Characterization and purification of the bovine adrenal angiotensin IV receptor (AT4) using [125I]benzoylphenylalanine-angiotensin IV as a specific photolabel.

The Ang IV receptor, AT4, has been shown to play important roles in various mammalian tissues. In this study, structural properties of the AT4 receptor from bovine adrenals are described using a novel photoactive analog of Ang IV, [125I]Benzoylphenylalanine-Ang IV (BP-Ang IV), recently developed in our laboratory. [125I]BP-Ang IV is identical to Ang IV with regards to binding specificity and affinity and is easily cross-linked to the AT4 receptor under UV light, thus greatly facilitating the structural analysis of the AT4 receptor by SDS-PAGE. Comparisons between the native, reduced and nonreduced forms of the AT4 receptors by SDS-PAGE revealed that this receptor consists of multiple subunits.

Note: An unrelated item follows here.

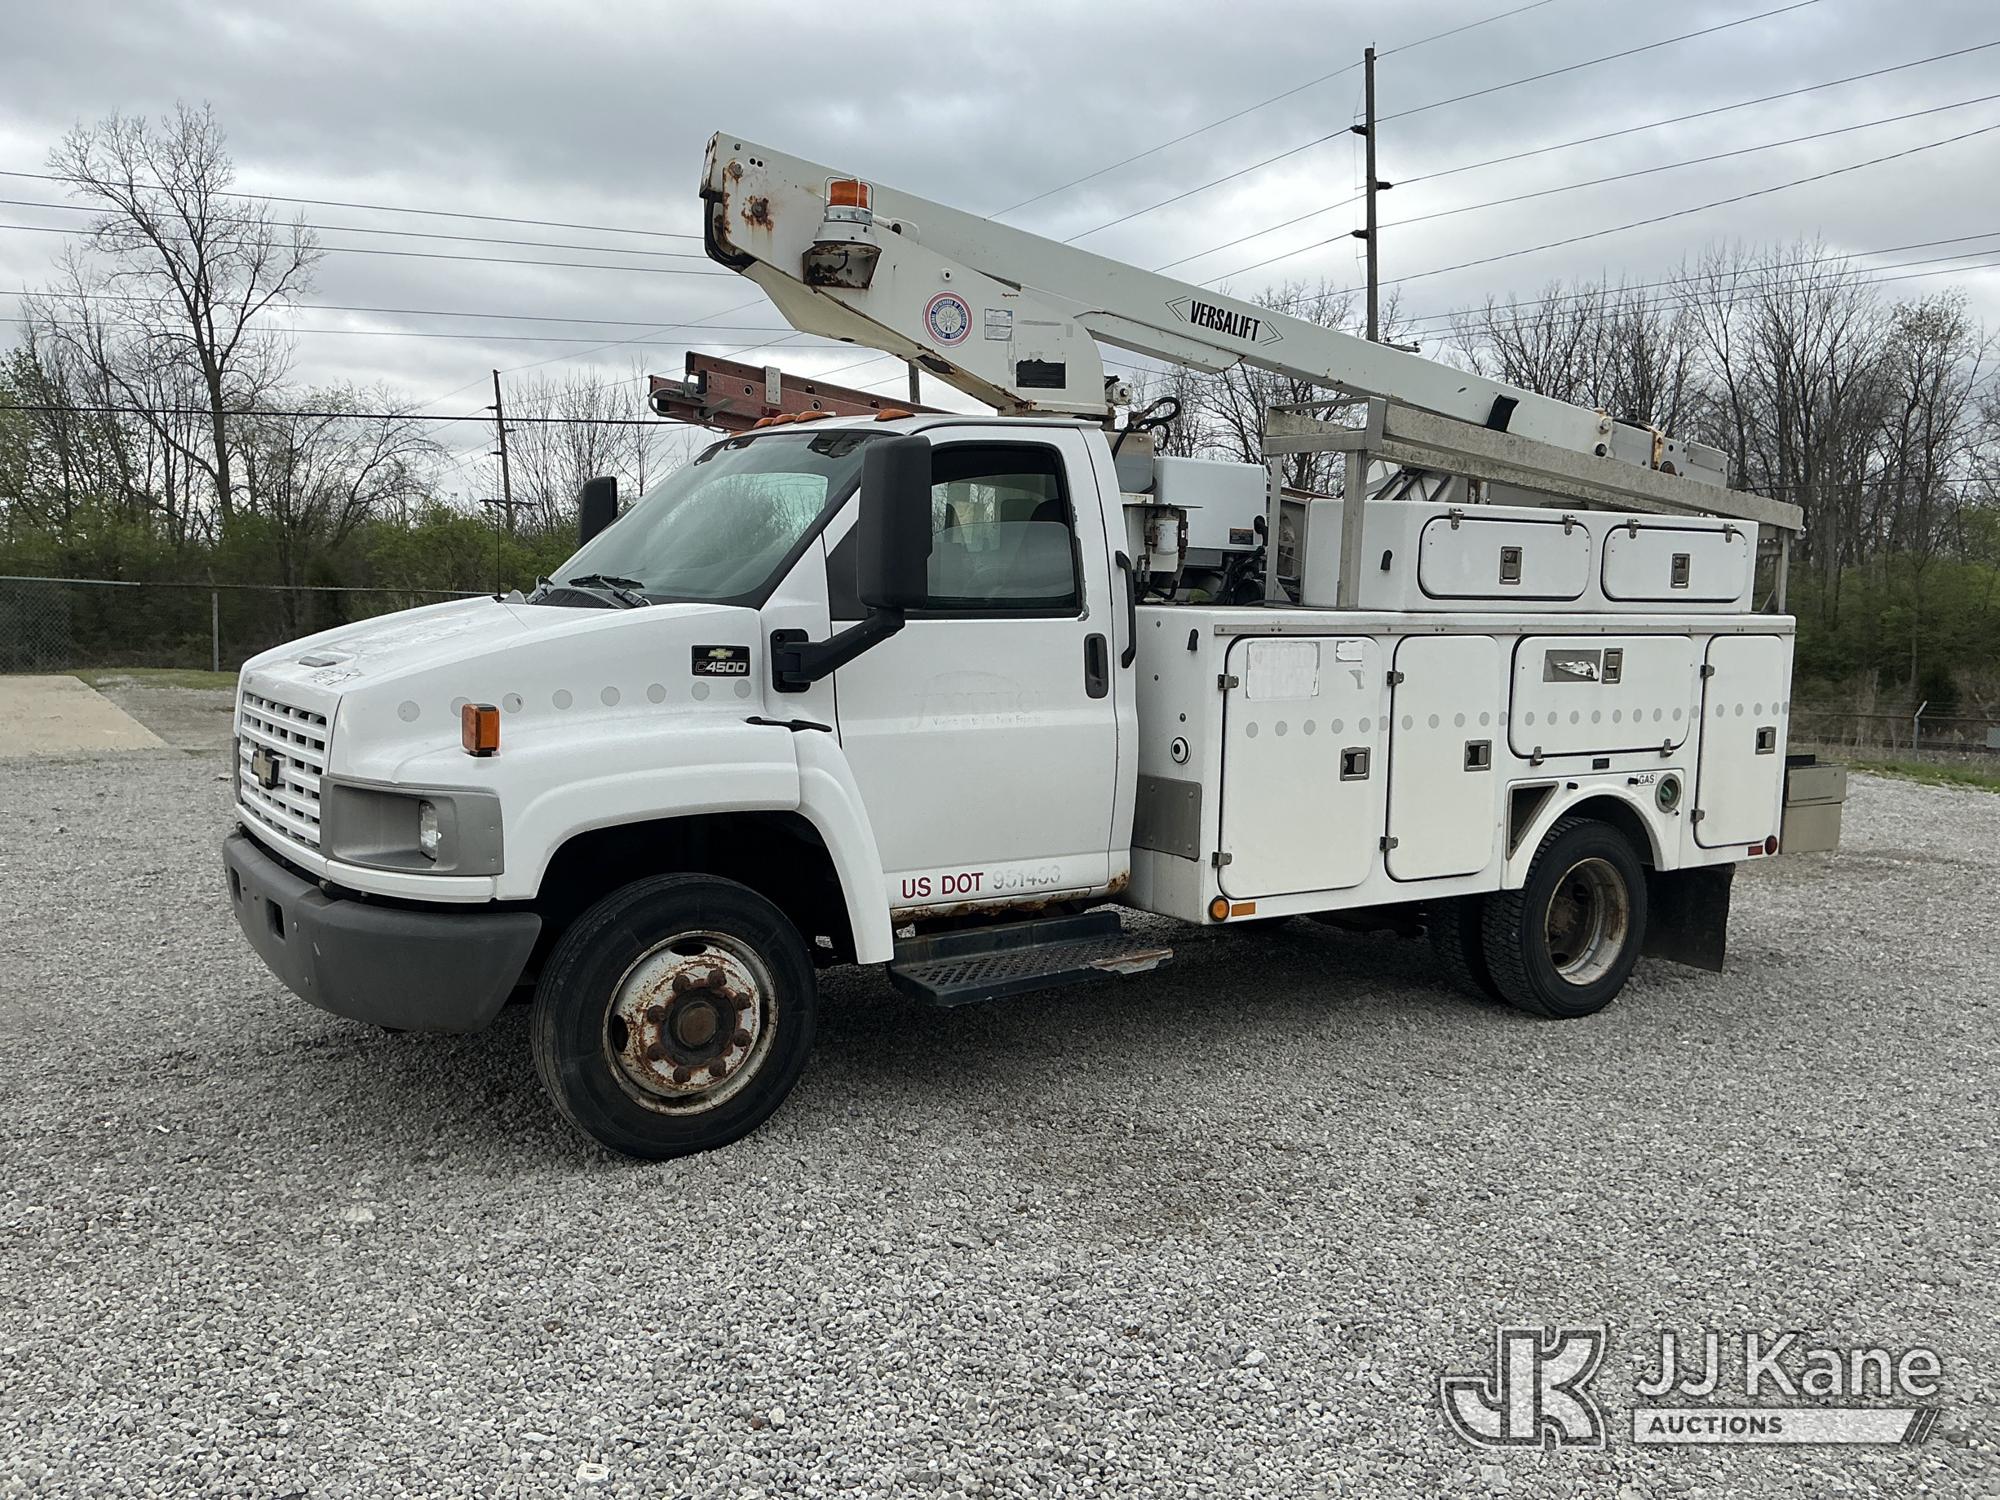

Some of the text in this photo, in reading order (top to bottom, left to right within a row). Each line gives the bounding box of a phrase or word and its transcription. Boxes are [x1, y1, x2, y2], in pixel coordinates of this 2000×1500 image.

The subunit containing the Ang IV binding site (designated as the alpha subunit) has a molecular weight of approximately 165 kDa and contained approximately 20% N-linked carbohydrates. A subunit similar to the adrenal alpha subunit of the AT4 receptor was identified in all of the bovine tissues examined. Hippocampus and aorta contained additional [125I]BP-Ang IV bound protein bands with molecular weights of 150 and 125 kDa, respectively. Further, the alpha subunit was purified to homogeneity using a method that integrates electrofractionation with conventional protein purification techniques.